Daphne vs Dockside Blue
Both from Sherwin-Williams's palette. Both sit in the blue family, which is useful context if you're narrowing within a single hue direction. Dockside Blue (LRV 43) reflects noticeably more light than Daphne (LRV 32), a difference of 11 points that becomes especially apparent in rooms with limited natural light. Both lean cool, so they'll behave similarly in mixed or changing light conditions. The ΔE 8.9 gap is real but not dramatic — close enough to use together, distinct enough to matter as a choice. Below you'll find 2 real-room photo comparisons where both colors appear side by side, plus 5 simulated room previews.
Daphne vs Dockside Blue in Real Spaces
2 real rooms side by side. Daphne and Dockside Blue are close enough that the difference can be hard to judge from a chip alone — these photos show how each reads at scale, across different spaces and lighting conditions.
Living Room
In a living room, color works across both daylight and evening light — the same wall can read very differently at noon and at 8pm.
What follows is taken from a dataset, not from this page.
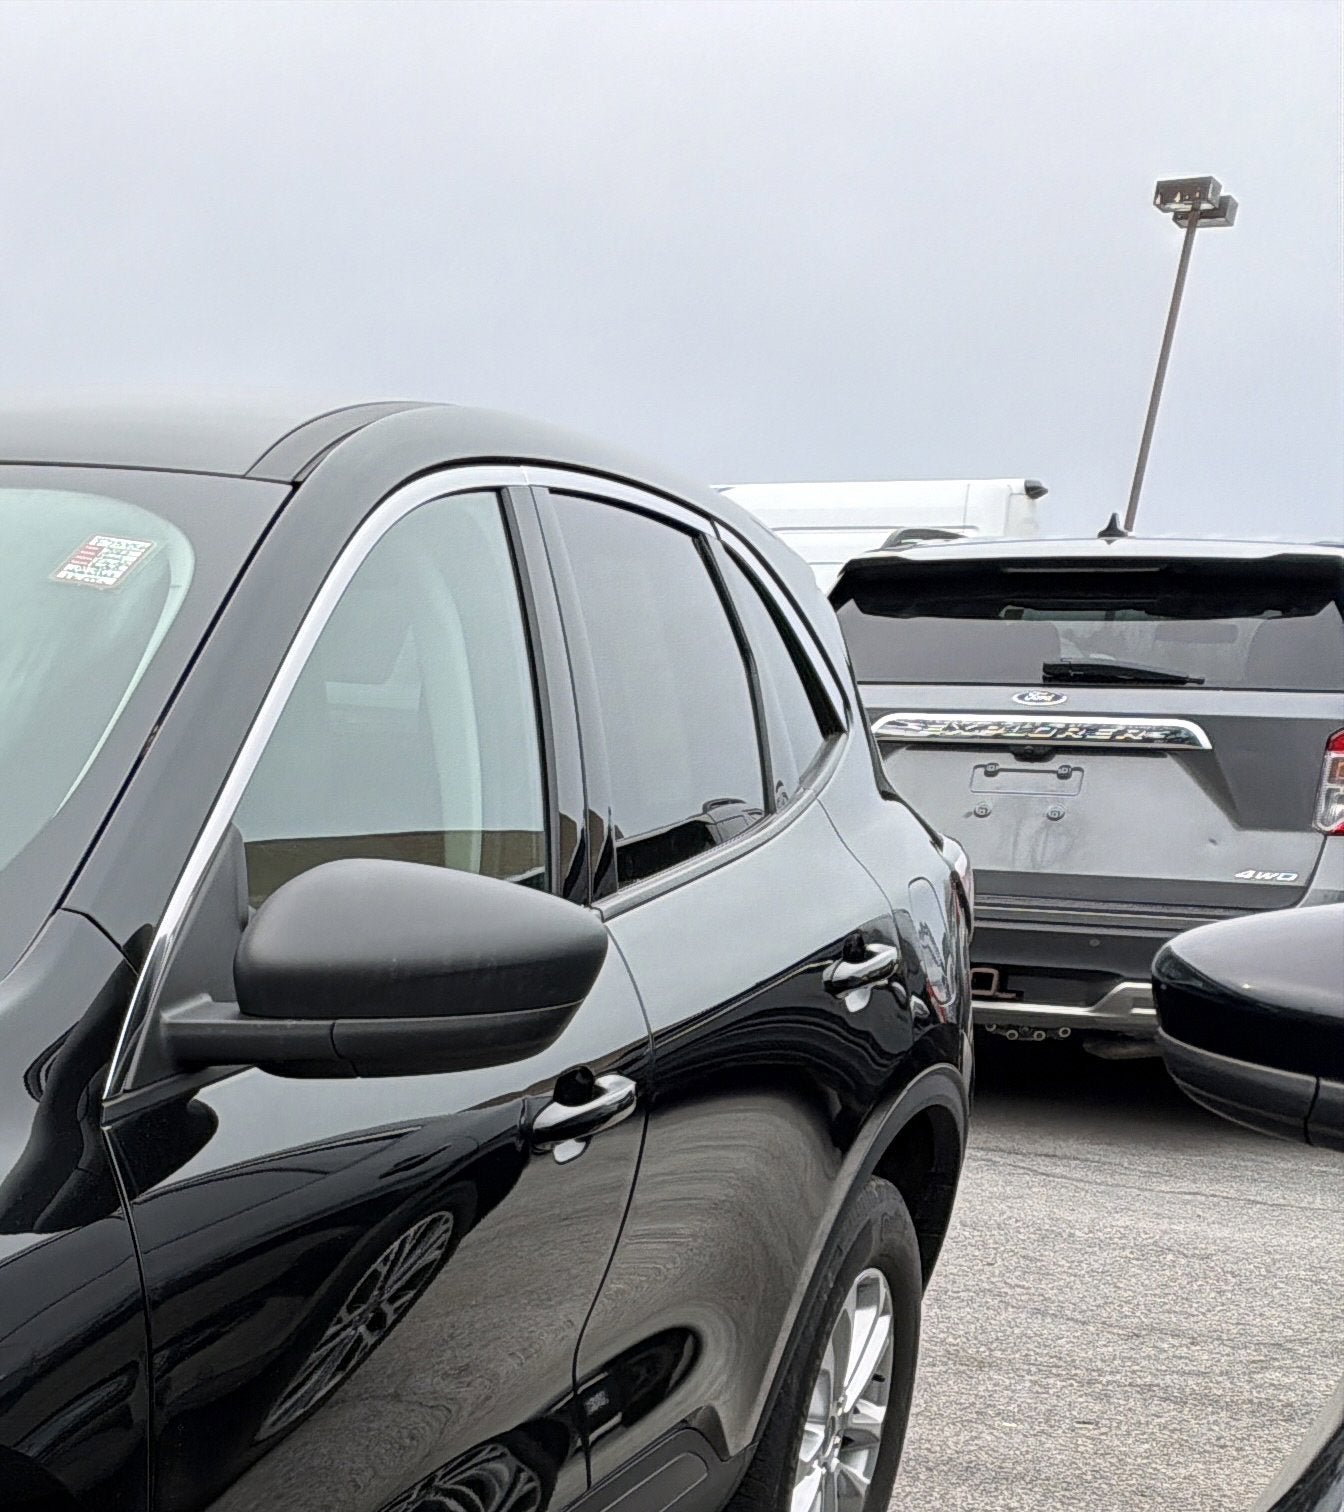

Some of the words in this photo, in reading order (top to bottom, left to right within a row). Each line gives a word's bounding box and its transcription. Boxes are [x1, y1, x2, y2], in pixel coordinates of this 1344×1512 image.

The LRV gap is large enough that Dockside Blue will make the room feel meaningfully brighter than Daphne would.
Bathroom
Bathrooms are one of the few spaces where you're genuinely enclosed by the paint color, which makes the choice between these two more consequential. Dockside Blue reflects noticeably more light off the walls, making the space read more open than Daphne.
Color Details
Daphne vs Dockside Blue Simulated Comparison
5 simulated room previews — drag the slider on each to see Daphne on one side and Dockside Blue on the other.
Digital color is approximate. These simulations are generated from the manufacturer's hex values and overlaid on grayscale room photos — your screen's calibration, brightness, and viewing angle all affect how they render. Before committing to either color, test physical samples in your own space under the light you actually live with.
More Daphne comparisons
See how Daphne stacks up against other well-photographed colors across different brands and tones.